Human serum albumin (HSA) or anti-human serum albumin (anti-HSA) yields a catalytic hydrogen wave at about −1.85 V (vs Ag/AgCl) in 0.25 M NH 3·H 2O–NH 4Cl (pH 8.58) buffer. When 1.0×10 −2 M K 2S 2O 8 is present, the catalytic hydrogen wave is further catalyzed, producing a parallel catalytic wave of hydrogen as catalyst in nature, termed the parallel catalytic hydrogen wave. The sensitivity of the parallel catalytic hydrogen wave is higher by two orders of magnitude than that of the catalytic hydrogen wave. Using the parallel catalytic hydrogen wave of anti-HSA or HSA in the presence of K 2S 2O 8, two sensitive methods for the determination of anti-HSA were developed.
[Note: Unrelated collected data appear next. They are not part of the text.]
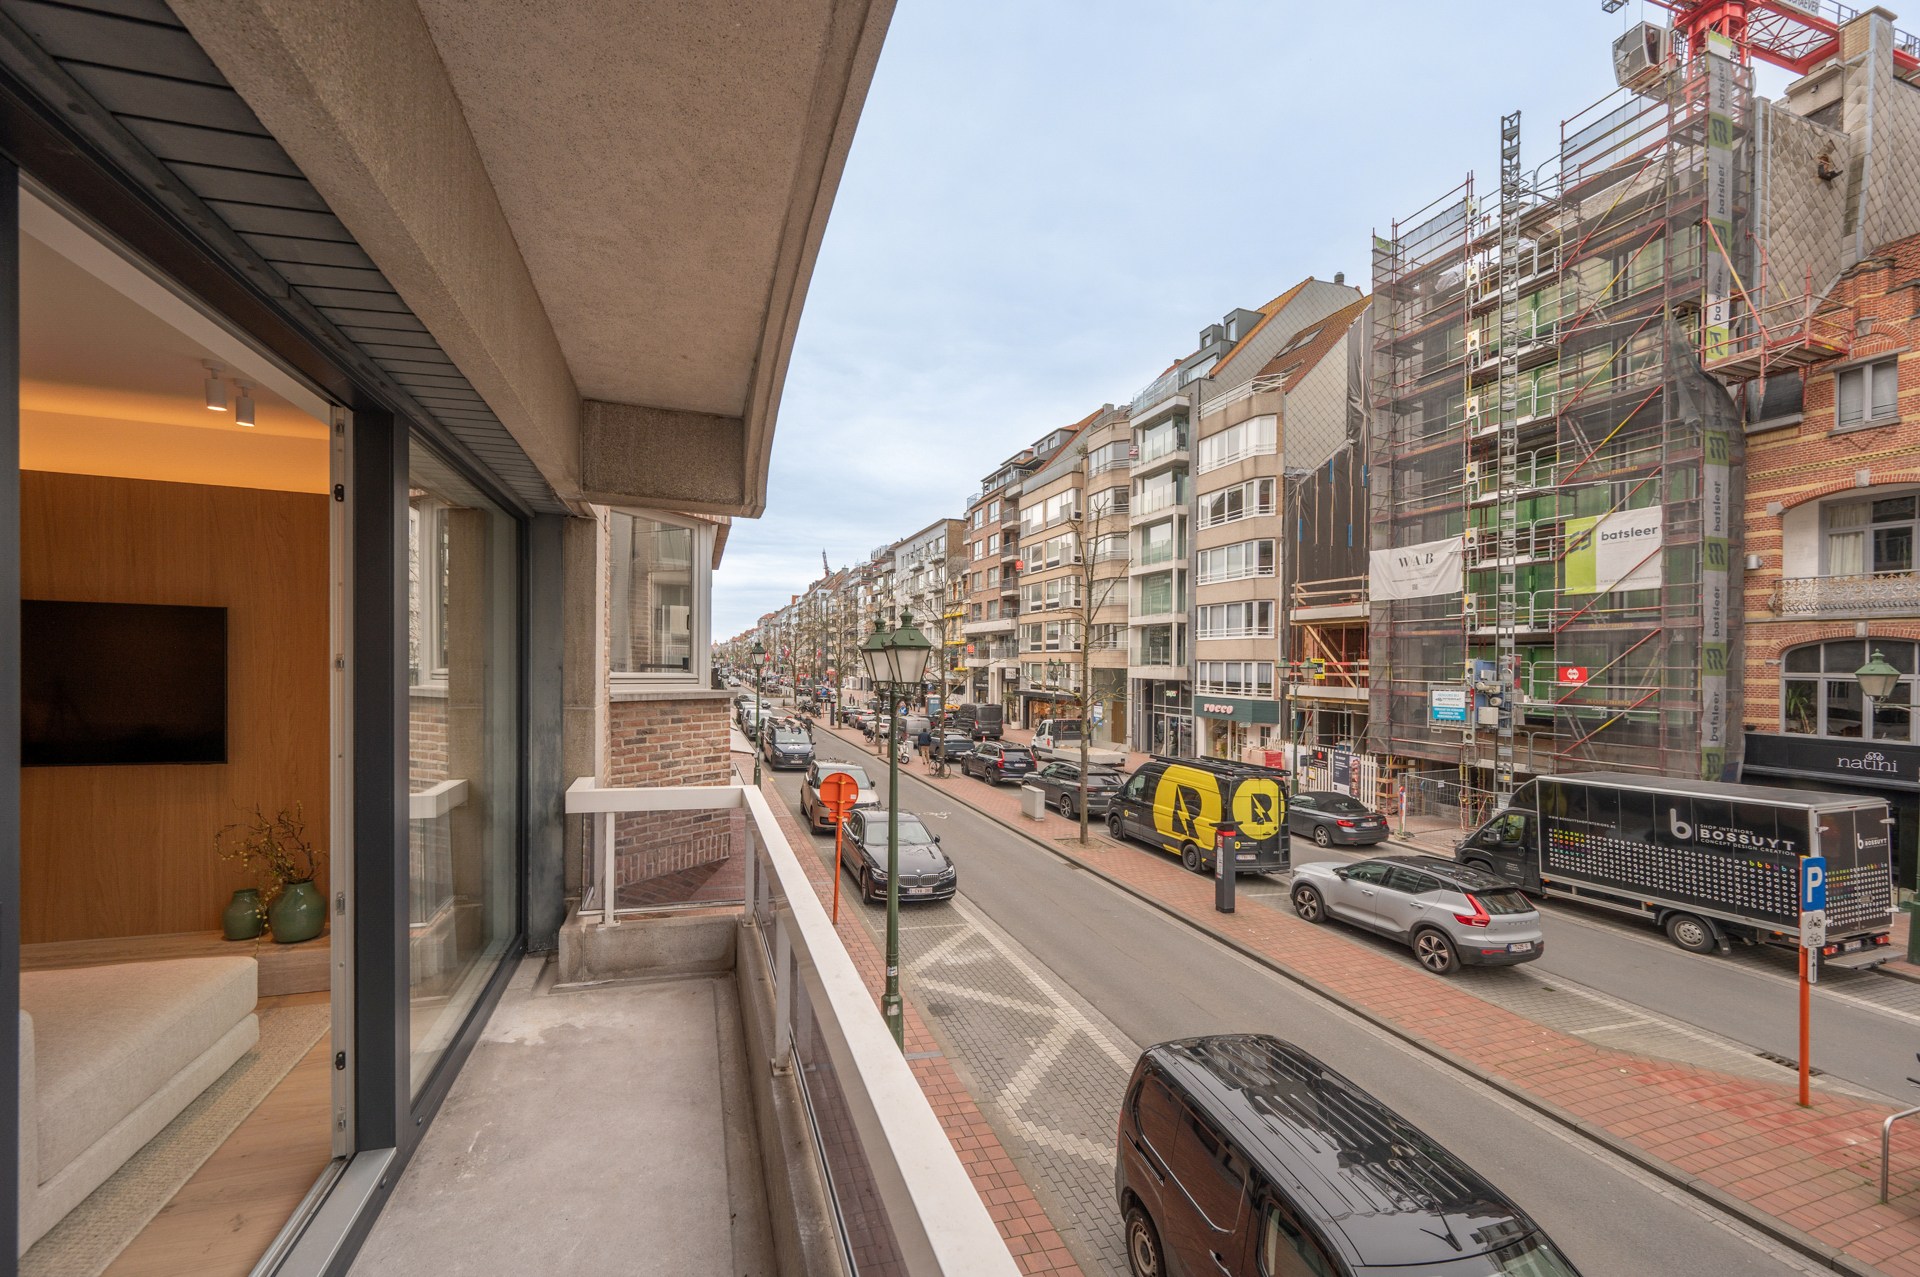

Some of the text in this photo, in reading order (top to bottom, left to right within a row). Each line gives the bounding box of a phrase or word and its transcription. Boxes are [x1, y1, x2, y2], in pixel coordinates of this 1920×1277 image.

[1717, 61, 1727, 110] batsleer
[1717, 165, 1727, 215] batsleer
[1713, 480, 1722, 532] batsleer
[1601, 526, 1658, 541] batsleer
[1712, 586, 1721, 637] batsleer
[1203, 703, 1234, 715] rocco
[1709, 691, 1720, 742] batsleer
[1837, 756, 1899, 773] natini
[1700, 828, 1795, 851] BOSSUYT
[1719, 826, 1755, 836] INTERIORS
[1865, 838, 1887, 847] BOSSUYT
[1700, 838, 1796, 857] CONCEPT DESIGN CREATION
[1807, 866, 1823, 903] P
One is a direct determination based on the parallel catalytic hydrogen wave of anti-HAS itself, and the other is a homogeneous immunoassay based on measuring the decrease of the peak current of the parallel catalytic hydrogen wave of HSA after homogeneous immunoreaction of HSA with anti-HSA. In the direct determination, the second-order derivative peak current of the parallel catalytic hydrogen wave of anti-HSA itself is rectilinear to its titer in the range from 1:1.0×10 7 to 1:8.4×10 6. In the homogeneous immunoassay, the decrease in the second-order derivative peak current of the parallel catalytic hydrogen wave of HSA is linearly related to the added anti-HSA in the titer range from 1:3.0×10 7 to 1:6.0×10 6. These assays are highly sensitive and rapid in operation and can be used to evaluate such antigens and their antibodies as those that could yield the parallel catalytic hydrogen wave.